Working in Restraint & Work Positioning
Work positioning is a term that is commonly used when working at height to define a positioning in which a person can place themselves that removes the immediate risk of a fall hazard. Work positioning can be ‘Working in Restraint’ when working in a horizontal plane or ‘Working in Suspension’ when working in a vertical orientation.
Either way, work positioning is intended to reduce the risk of a fall by limiting a person’s ability to get into a place where they can fall, as there are physical barriers or equipment that can be implemented to achieve this aim.

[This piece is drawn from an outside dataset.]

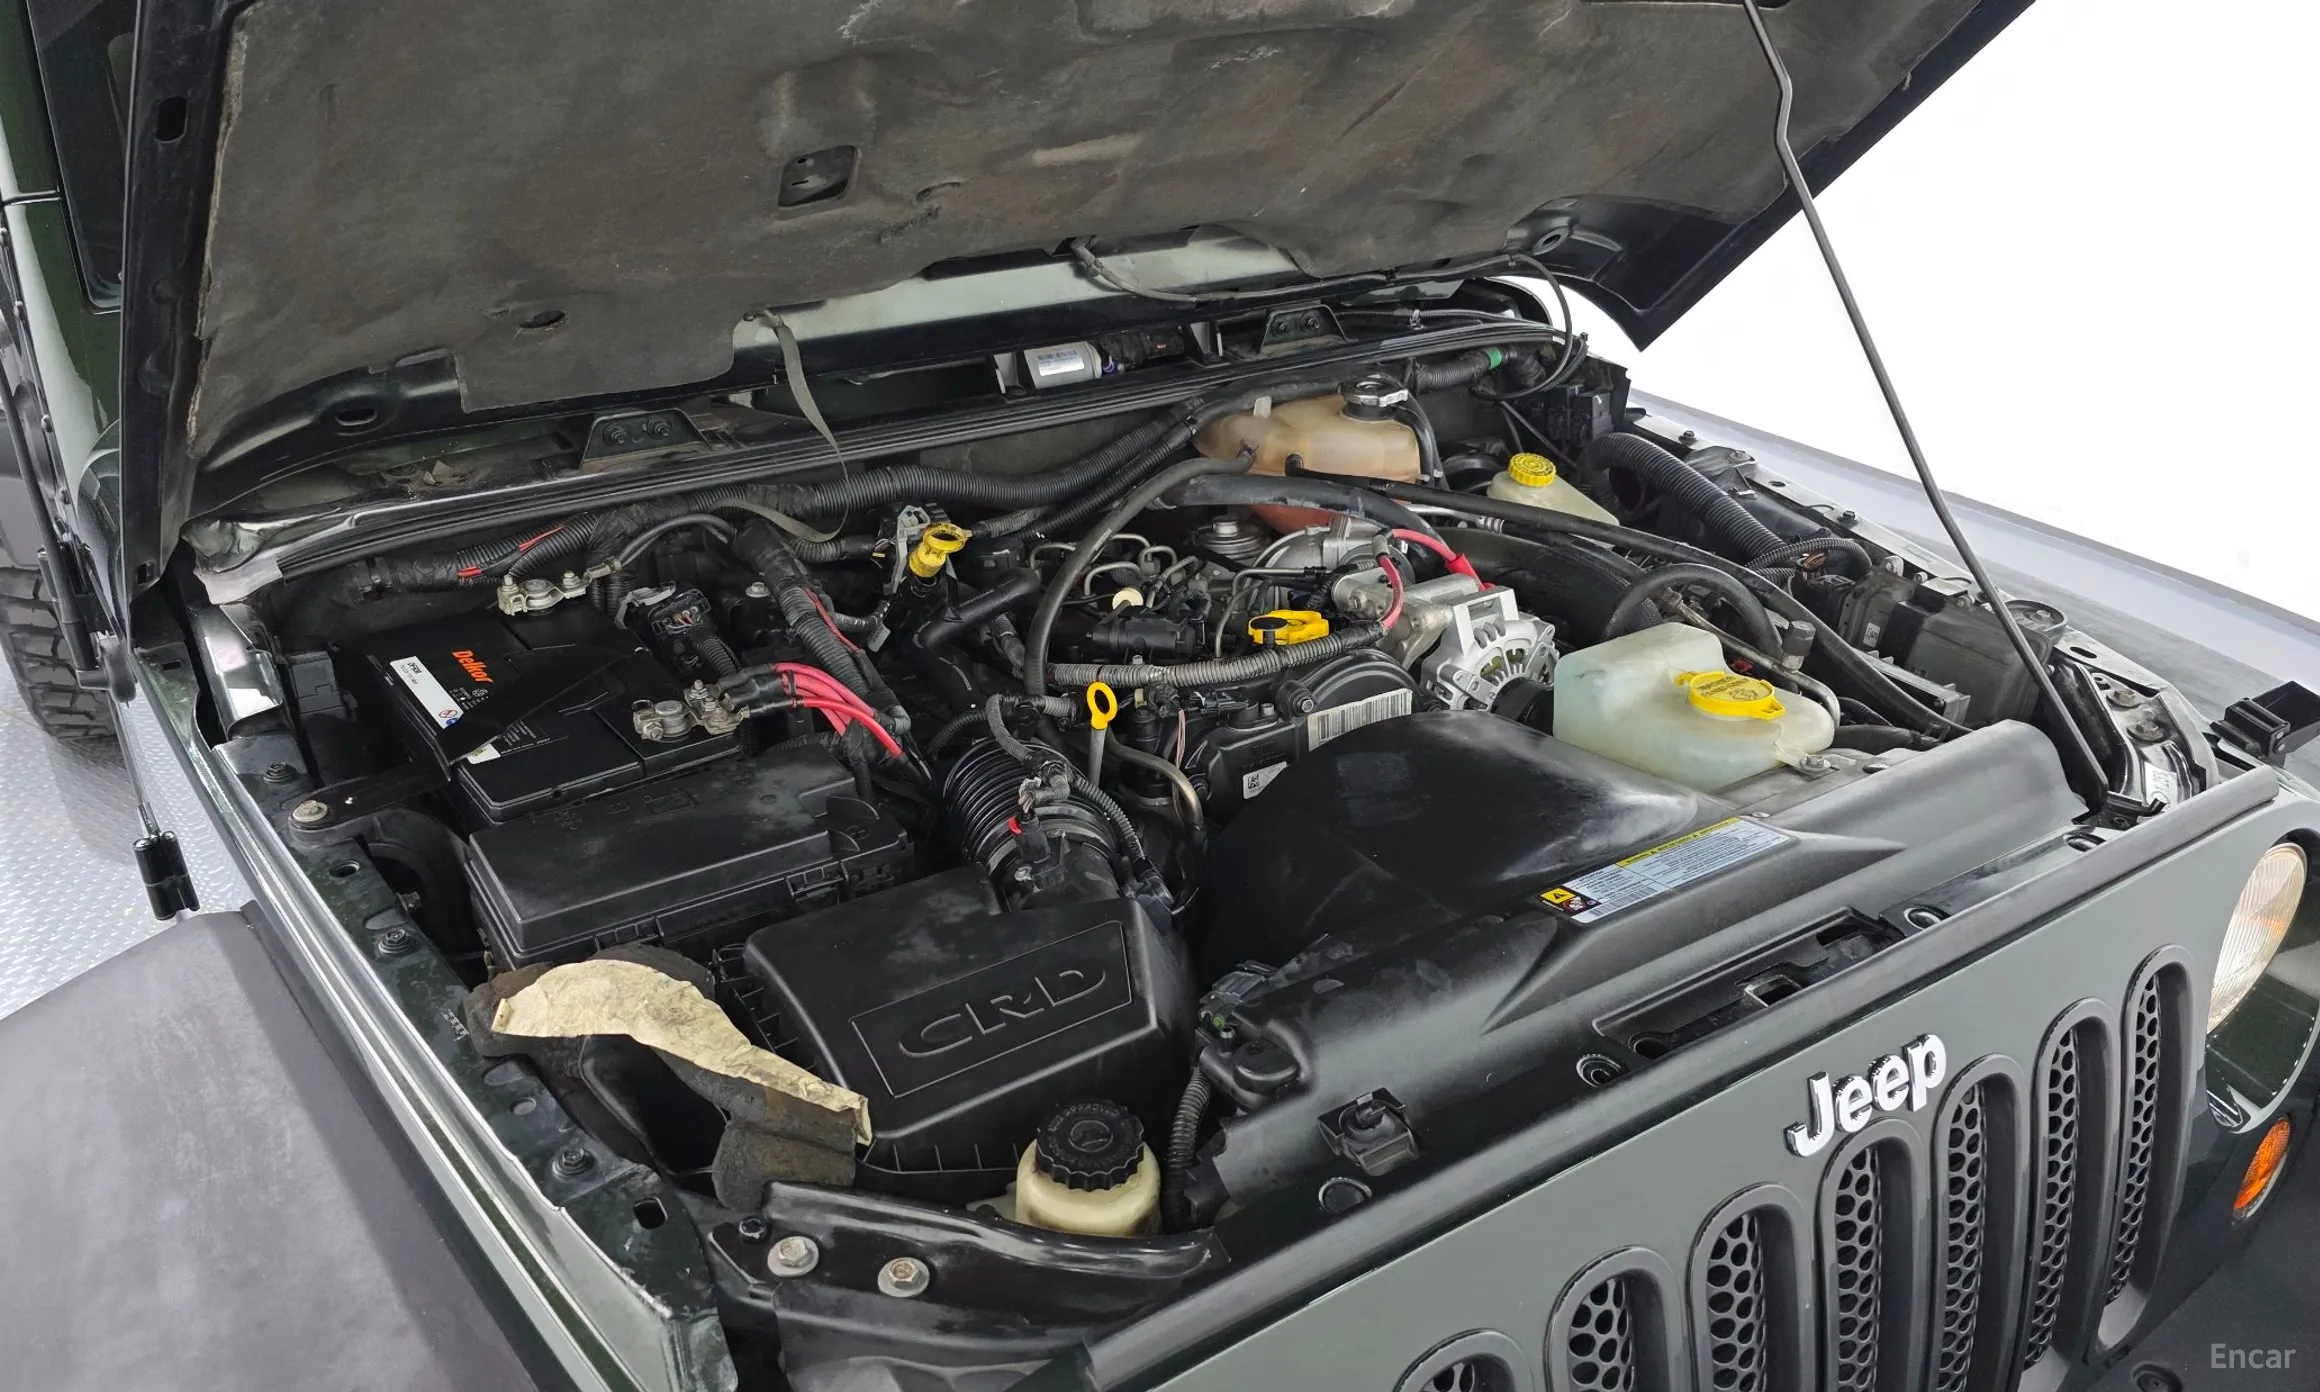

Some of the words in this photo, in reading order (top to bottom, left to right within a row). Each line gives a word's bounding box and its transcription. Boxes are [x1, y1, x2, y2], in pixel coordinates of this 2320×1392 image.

[452, 649, 495, 684] Delkor
[897, 967, 1106, 1058] CRD
[1783, 1032, 1947, 1158] Jeep

(a) Fall Arrest Work Positioning – Working in Restraint
The principle of work in restraint is best illustrated through diagrams. It is simplest form, working in restraint means the means by which a person is ‘restrained’ or prevented from being able to get into a place where a fall can occur.
When work tasks require a safety harness to be worn, the practice of work in restraint is to be used wherever possible to reduce the injury risk from a fall.
(b) Work positioning via suspension (e.g. Confined space entry)
For work that may be required to be completed in a confined space, it may be suitable to lower a person into the environment utilising a man-rated mechanical winching system. This is called working in suspension, as the person it literally suspended in the air when the tasks are being complete. Working in suspension in this way means that a rescue can be performed easily by a stand-by rescuer, winching the person to safety.
(c) Rope Access Work Positioning
A rope access technician has the primary intention of accessing a location in a vertical plane, by positioning themselves to perform work whilst suspended in a harness. This method of access requires specialty equipment and more important significant training to be effective. As its name suggests, twin rope access involves the use of twin ropes – one which is the primary or main working rope line, the second being the redundant, secondary line that acts as an emergency line in the event the first working line fails.